• **PROBLEM TO SOLVE**: Reproduce all of the data below without alteration; exclude every picture.

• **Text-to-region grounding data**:
::::::

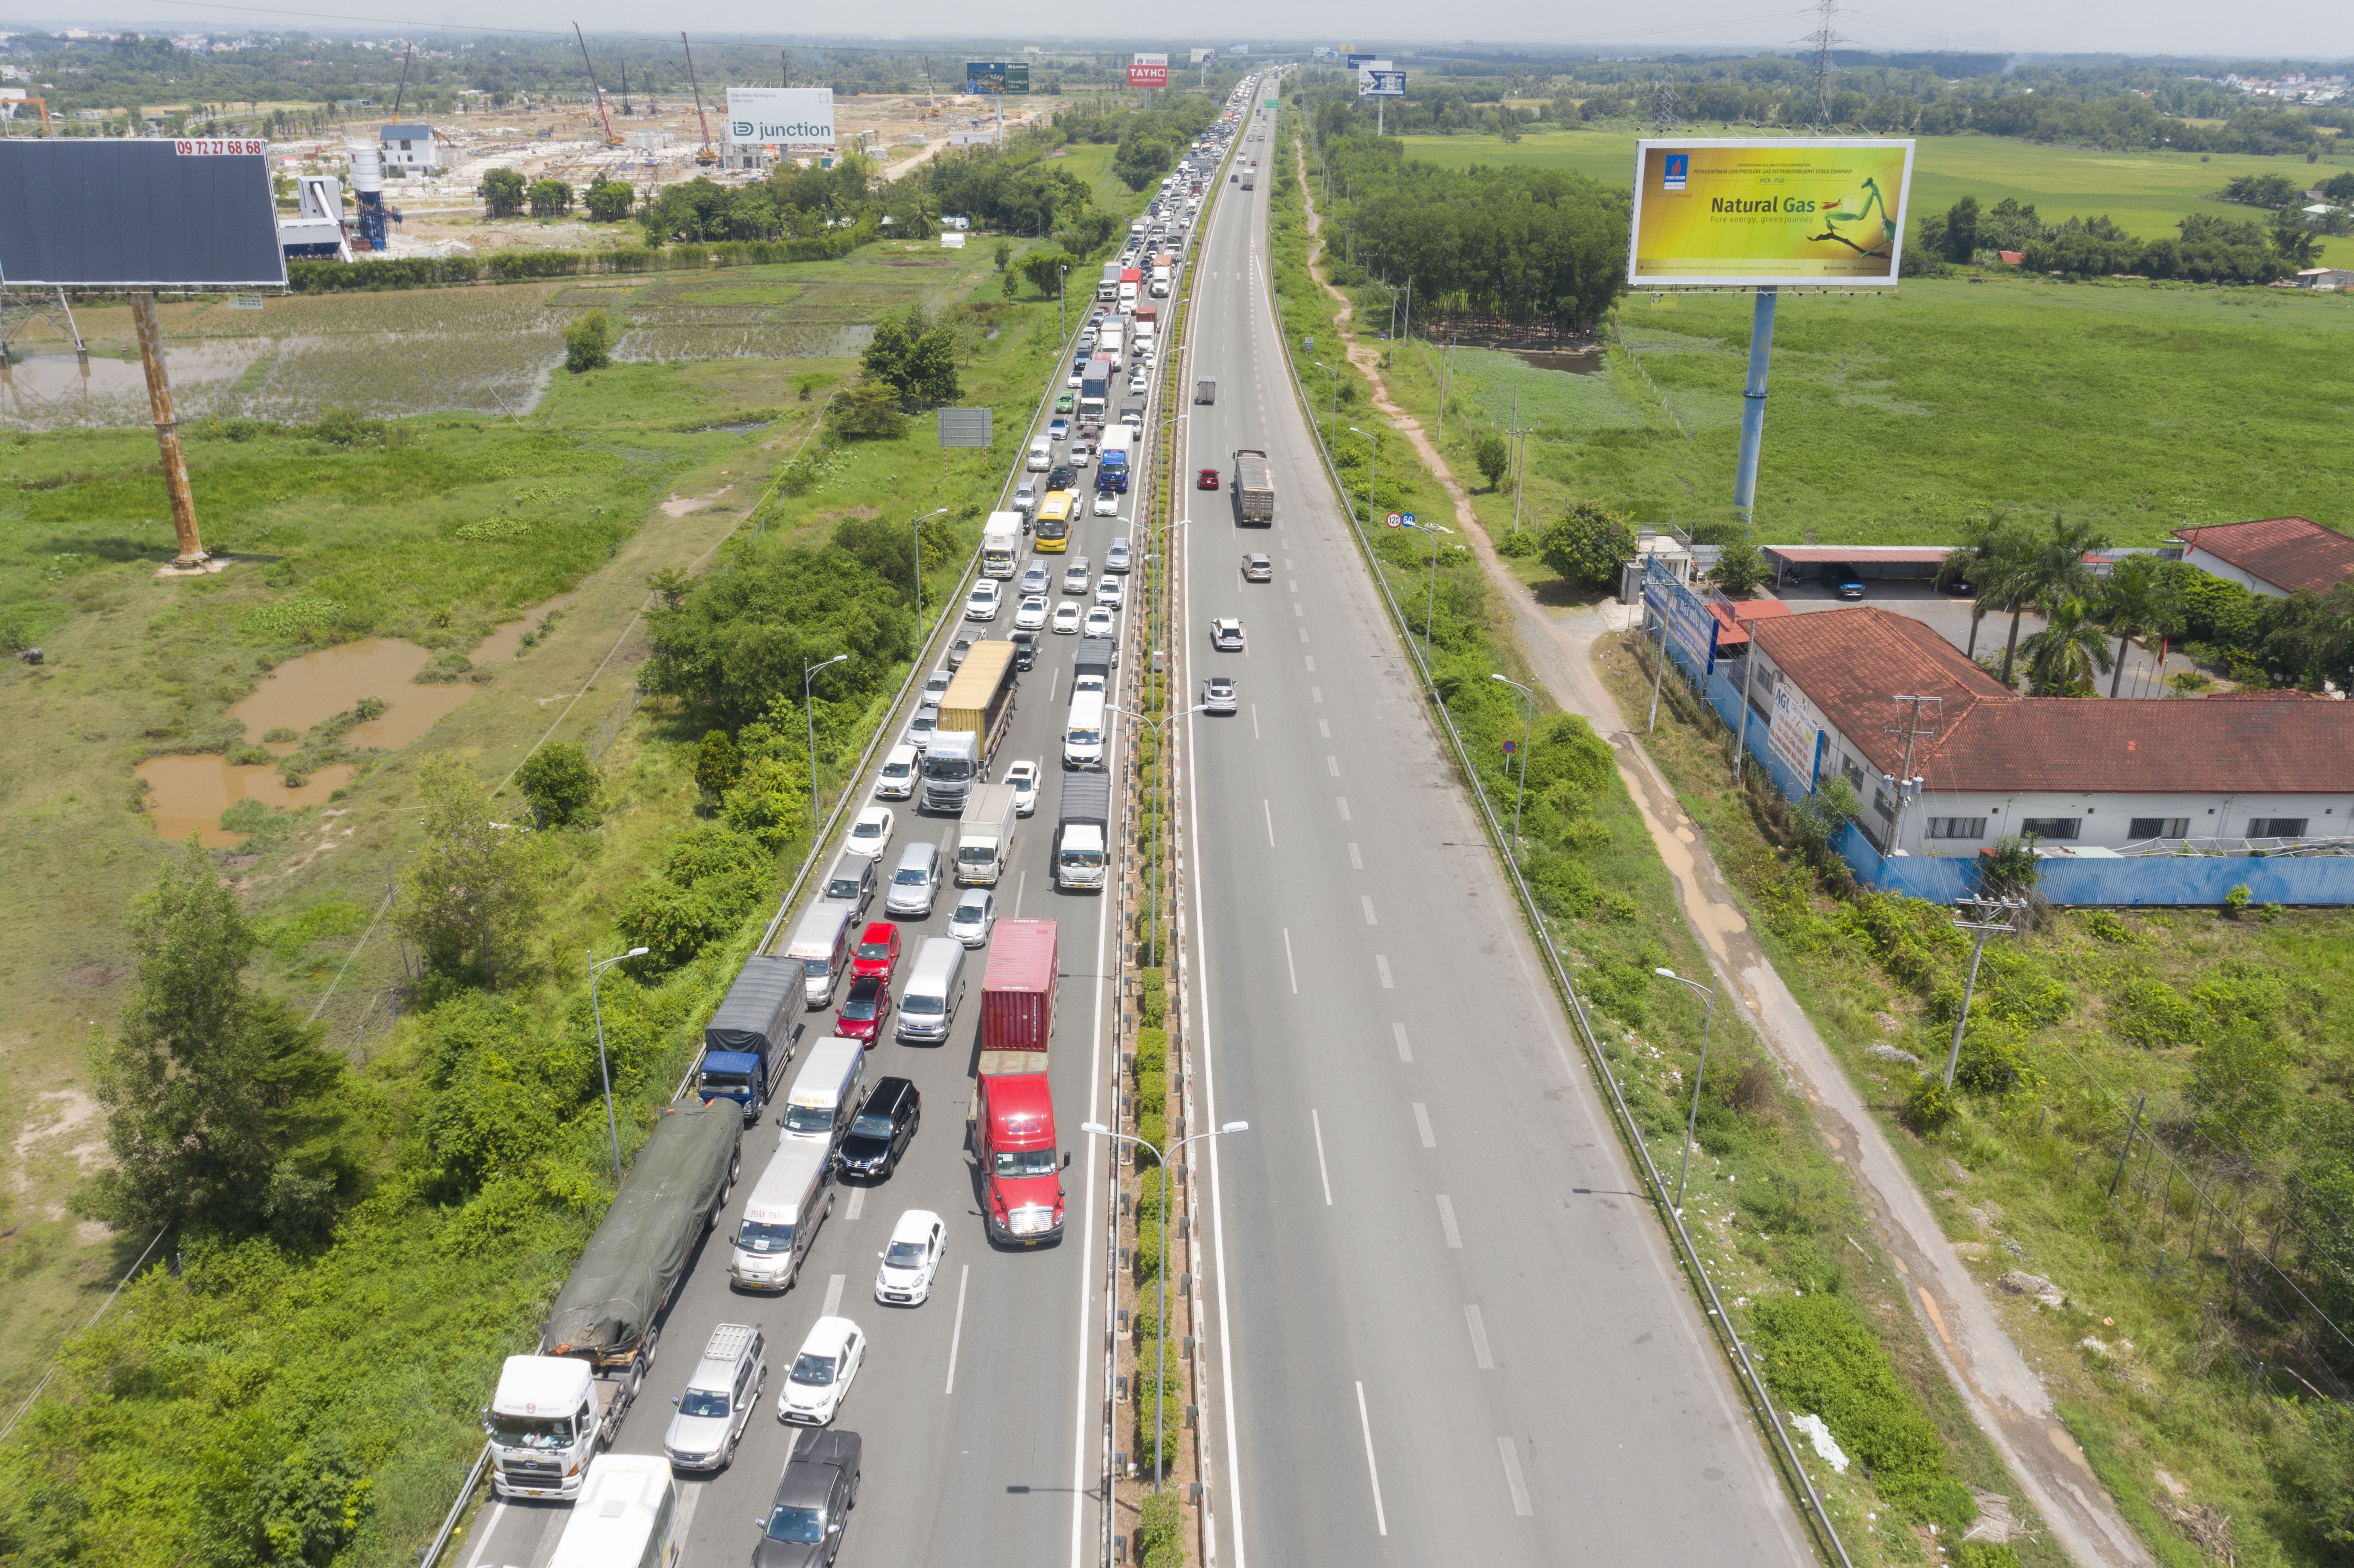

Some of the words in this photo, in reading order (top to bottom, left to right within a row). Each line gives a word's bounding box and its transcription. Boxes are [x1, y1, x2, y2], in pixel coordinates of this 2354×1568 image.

[759, 121, 830, 140] junction
[177, 141, 192, 154] 09
[196, 141, 209, 154] 72
[212, 141, 223, 154] 27
[227, 141, 243, 154] 68
[246, 141, 261, 154] 68
[1711, 196, 1778, 213] Natural
[1783, 197, 1815, 213] Gas
[1784, 216, 1814, 224] journey
[1775, 688, 1789, 714] AGL
[1021, 1121, 1040, 1129] PPL
[751, 1209, 766, 1218] TOÀN
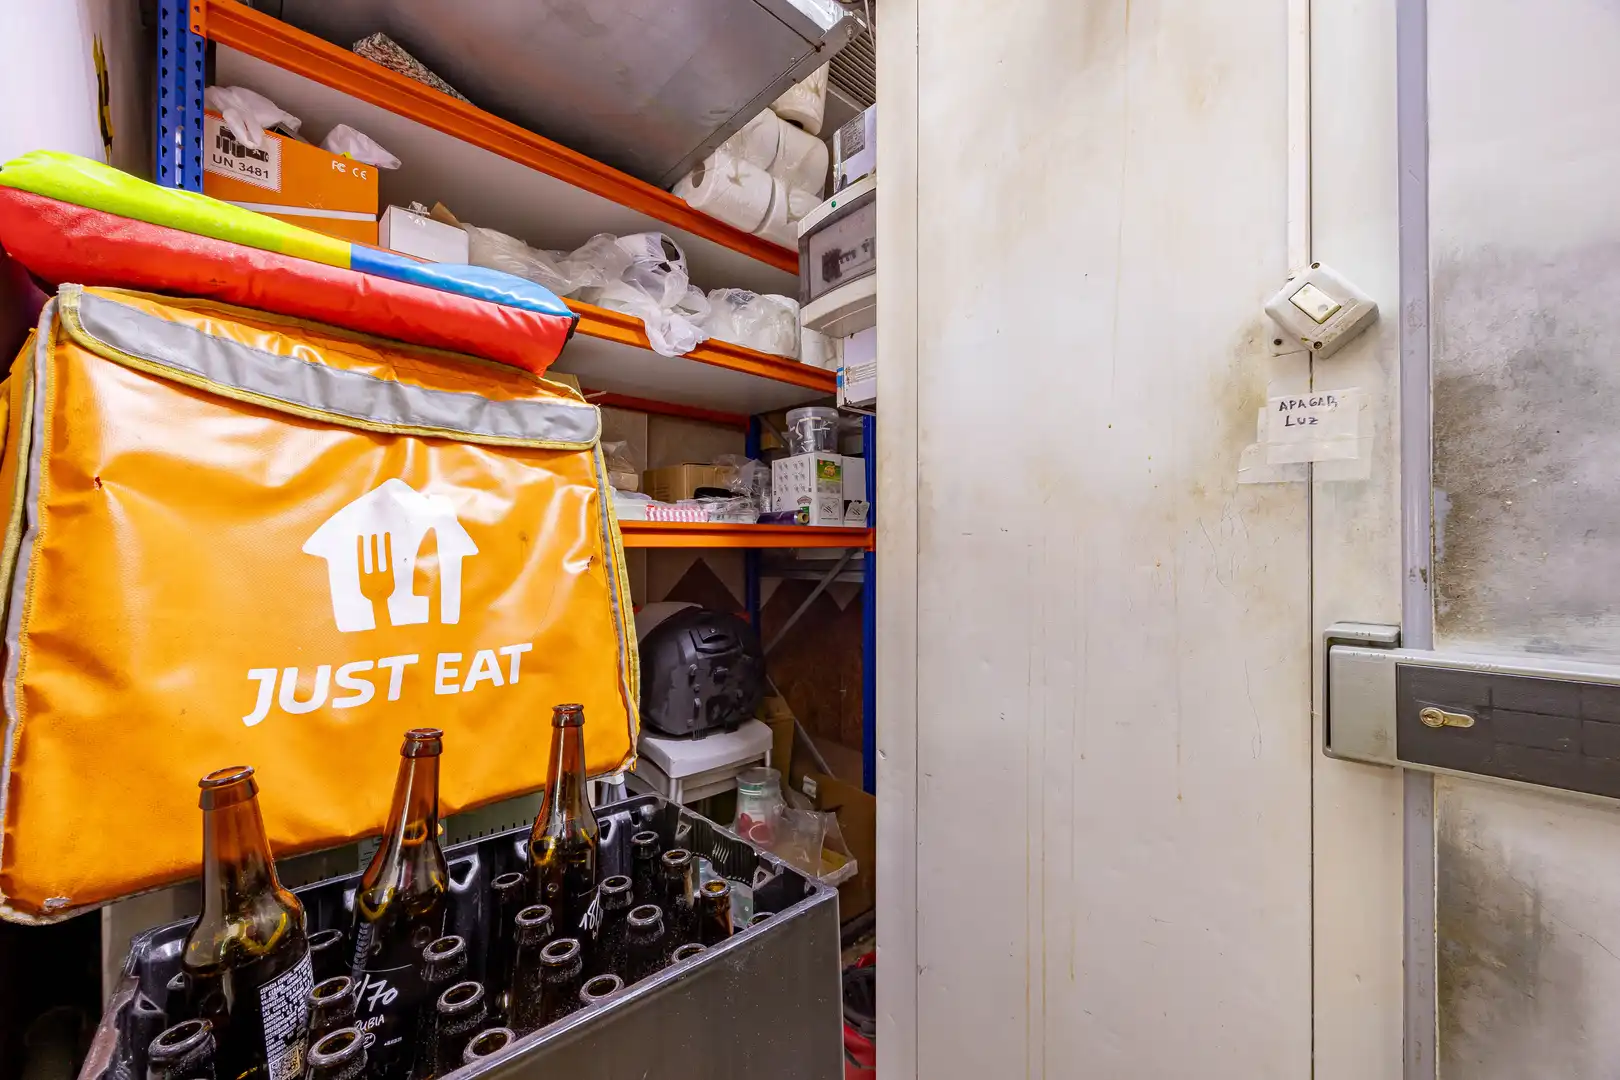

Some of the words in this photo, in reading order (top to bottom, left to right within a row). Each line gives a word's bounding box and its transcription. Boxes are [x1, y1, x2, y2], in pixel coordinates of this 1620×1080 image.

[212, 153, 234, 169] UN
[238, 162, 270, 179] 3481
[352, 167, 367, 180] CE
[1284, 415, 1319, 427] LUZ
[242, 653, 420, 728] JUST
[435, 642, 533, 695] EAT
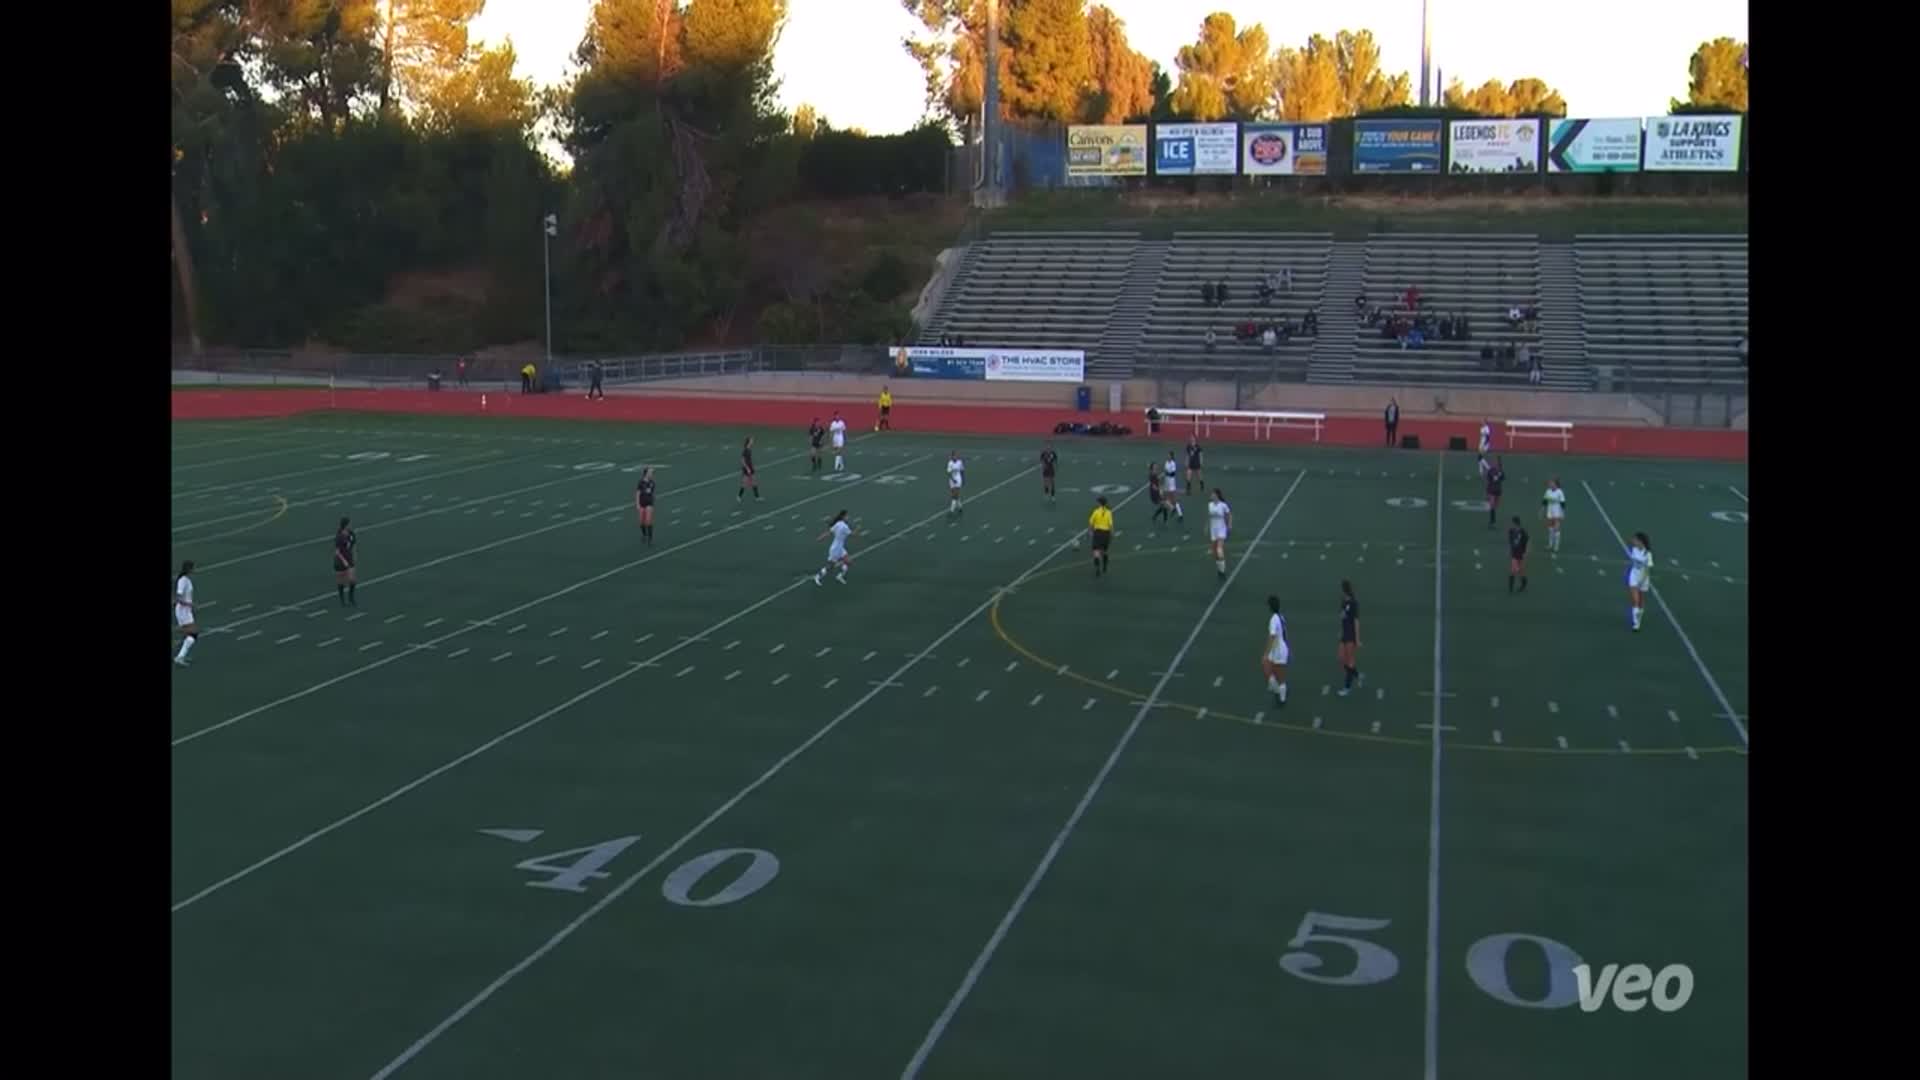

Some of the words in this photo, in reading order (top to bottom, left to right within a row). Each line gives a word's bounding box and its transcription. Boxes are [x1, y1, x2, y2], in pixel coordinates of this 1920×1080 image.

::::::

• **WRITTEN SOLUTION**:
Some of the words in this photo, in reading order (top to bottom, left to right within a row). Each line gives a word's bounding box and its transcription. Boxes are [x1, y1, x2, y2], in pixel coordinates of this 2354×1568 image.

[759, 121, 830, 140] junction
[177, 141, 192, 154] 09
[196, 141, 209, 154] 72
[212, 141, 223, 154] 27
[227, 141, 243, 154] 68
[246, 141, 261, 154] 68
[1711, 196, 1778, 213] Natural
[1783, 197, 1815, 213] Gas
[1784, 216, 1814, 224] journey
[1775, 688, 1789, 714] AGL
[1021, 1121, 1040, 1129] PPL
[751, 1209, 766, 1218] TOÀN

Some of the words in this photo, in reading order (top to bottom, left to right within a row). Each line gives a word's bounding box and its transcription. Boxes are [x1, y1, x2, y2], in pixel coordinates of this 1620×1080 image.

[212, 153, 234, 169] UN
[238, 162, 270, 179] 3481
[352, 167, 367, 180] CE
[1284, 415, 1319, 427] LUZ
[242, 653, 420, 728] JUST
[435, 642, 533, 695] EAT

Some of the words in this photo, in reading order (top to bottom, left to right within a row). Each line gives a word's bounding box and its transcription. Boxes are [x1, y1, x2, y2], in pixel coordinates of this 1920×1080 image.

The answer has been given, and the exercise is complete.